Primitive Christianity did not attack slavery directly; but it acted as though slavery did not exist. By inspiring the best of its children with this heroic charity, examples of which have been given above, it remotely prepared the way for the abolition of slavery. To reproach the Church of the first ages with not having condemned slavery in principle, and with having tolerated it in fact, is to blame it for not having let loose a frightful revolution, in which, perhaps, all civilization would have perished with Roman society. But to say, with Ciccotti (Il tramonto della schiavitd, Fr. tr., 1910, pp. 18, 20), that primitive Christianity had not even “an embryonic vision” of a society in which there should be no slavery, to say that the Fathers of the Church did not feel “the horror of slavery”, is to display either strange ignorance or singular unfairness. In St. Gregory of Nyssa (In Ecclesiastem, horn. iv) the most energetic and absolute reprobation of slavery may be found; and again in numerous passages of St. John Chrysostom’s discourses we have the picture of a society without slaves—a society composed only of free workers, an ideal portrait of which he traces with the most eloquent insistence (see the texts cited in Allard, “Les esclaves chretiens”, pp. 416-23).

II. THE CHURCH AND SLAVERY AFTER THE BARBARIAN INVASIONS.—It is beyond the scope of this article to discuss the legislative movement which took place during the same period in regard to slaves. From Augustus to Constantine statutes and jurisprudence tended to afford them greater protection against ill-treatment and to facilitate enfranchisement. Under the Christian emperors this tendency, in spite of relapses at certain points, became daily more marked, and ended, in the sixth century, in Justinian’s very liberal legislation (see Wallon, “Hist. de l’esclavage clans l’antiquite”, III, ii and x). Although the civil law on slavery still lagged behind the demands of Christianity (“The laws of Caesar are one thing, the laws of Christ another”, St. Jerome writes in “Ep. lxxvii”), nevertheless very great progress had been made. It continued in the Eastern Empire (laws of Basil the Macedonian, of Leo the Wise, of Constantine Porphyrogenitus), but in the West it was abruptly checked by the barbarian invasions. Those invasions were calamitous for the slaves, increasing their numbers which had begun to diminish, and subjecting them to legislation and to customs much harder than those which obtained under the Roman law of the period (see Allard, “Les origines du servage” in “Rev. des questions historiques”, April, 1911). Here again the Church intervened. It did so in three ways: redeeming slaves; legislating for their benefit in its councils; setting an example of kind treatment. Documents of the fifth to the seventh century are full of instances of captives carried off from conquered cities by the barbarians and doomed to slavery, whom bishops, priests, and monks, and pious laymen redeemed.

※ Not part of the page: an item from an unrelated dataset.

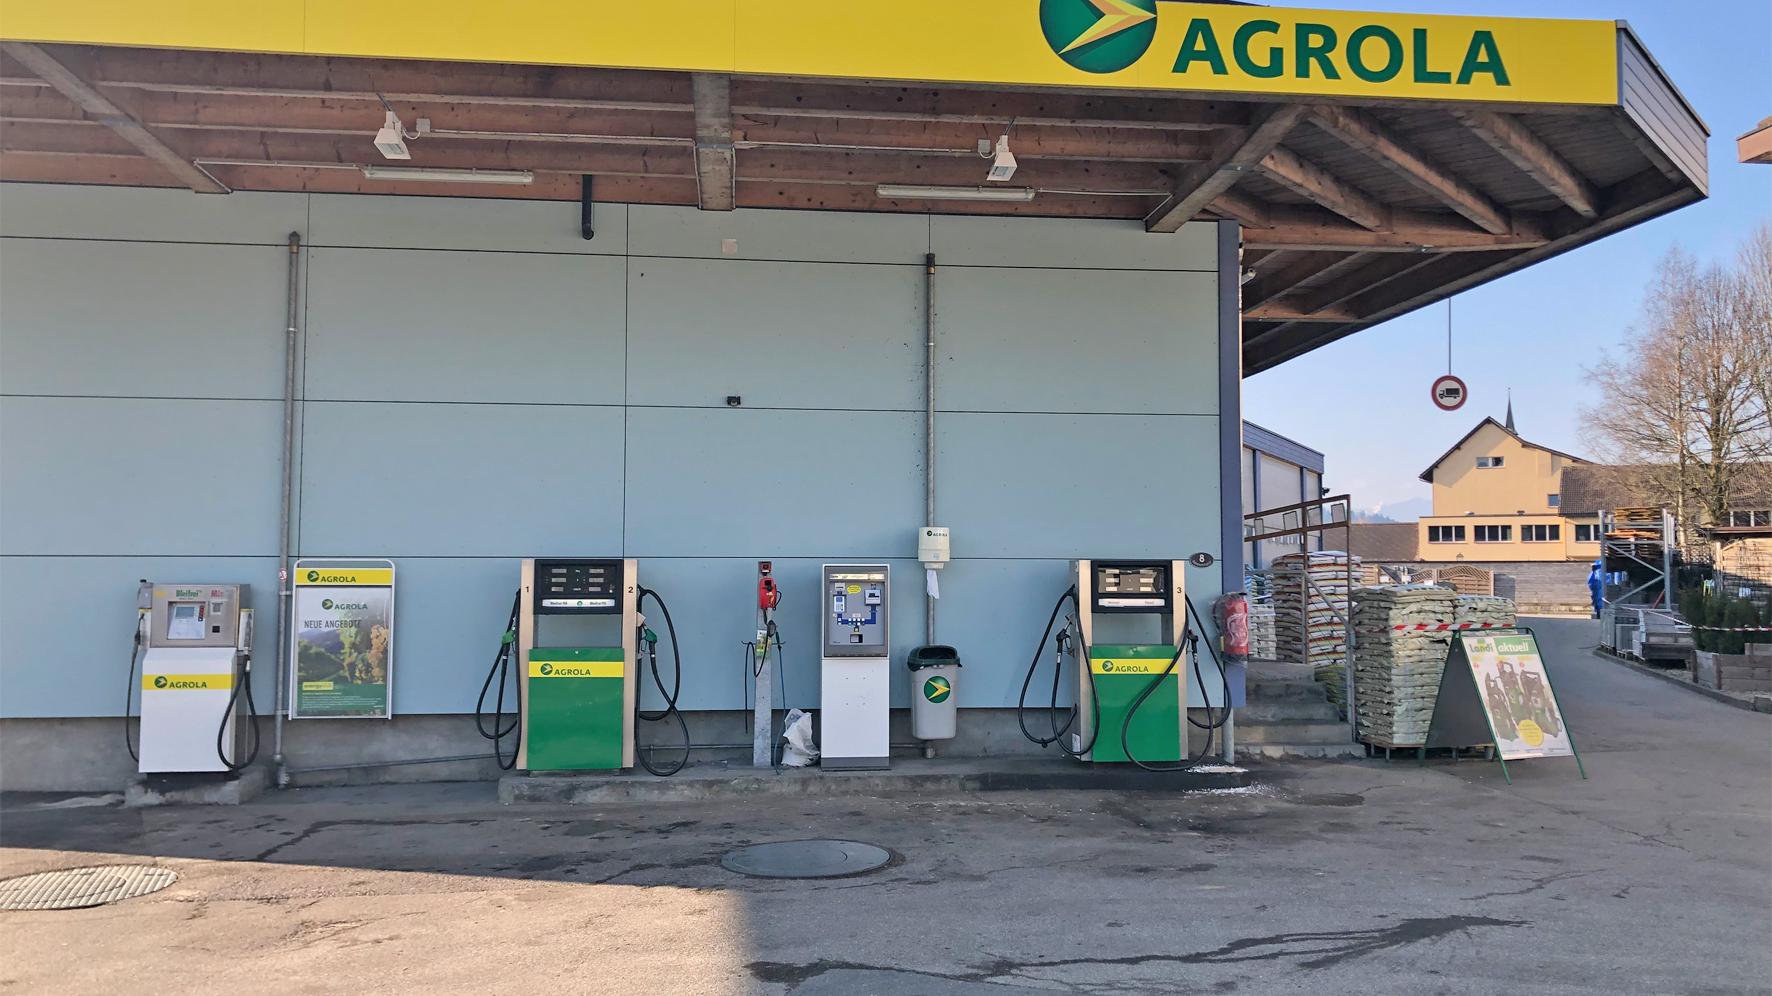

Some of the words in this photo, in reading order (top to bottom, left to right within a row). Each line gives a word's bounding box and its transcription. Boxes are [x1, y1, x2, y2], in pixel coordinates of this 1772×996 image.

Redeemed captives were sometimes sent back in thousands to their own country (ibid., pp. 393-7, and Lesne, “Hist. de la propriete ecclesiastique en France“, 1910, pp. 357-69).

The Churches of Gaul, Spain, Britain, and Italy were incessantly busy, in numerous councils, with the affairs of the slaves; protection of the maltreated slave who has taken refuge in a church (Councils of Orleans, 511, 538, 549; Council of Epone, 517); protection of freedmen, not only those manumitted in ecclesiis, but also those freed by any other process (Council of Arles, 452; of Agde, 506; of Orleans, 549; of Macon, 585; of Toledo, 589, 633; of Paris, 615); validity of marriages contracted with full knowledge of the circumstances between free persons and slaves (Councils of Verberie, 752; of Compiegne, 759); rest for slaves on Sundays and feast days (Council of Auxerre, 578 or 585; of Chalon-sur-Saone, middle of the seventh century; of Rouen, 650; of Wessex, 691; of Berghamsted, 697); prohibition of Jews to possess Christian slaves (Council of Orleans, 541; of Macon, 581; of Clichy, 625; of Toledo, 589, 633, 656); suppression of traffic in slaves by forbidding their sale outside of the kingdom (Council of Chhlonsur-Saone, between 644 and 650); prohibition against reducing a free man to slavery (Council of Clichy, 625). Less liberal in this respect than Justinian (Novella cxxiii, 17), who made tacit consent a sufficient condition, the Western discipline does not permit a slave to be raised to the priesthood without the formal consent of his master; nevertheless the councils held at Orleans in 511, 538, 549, while imposing canonical penalties upon the bishop who exceeded his authority in this matter, declare such an ordination to be valid. A council held at Rome in 595 under the presidency of St. Gregory the Great permits the slave to become a monk without any consent, express or tacit, of his master.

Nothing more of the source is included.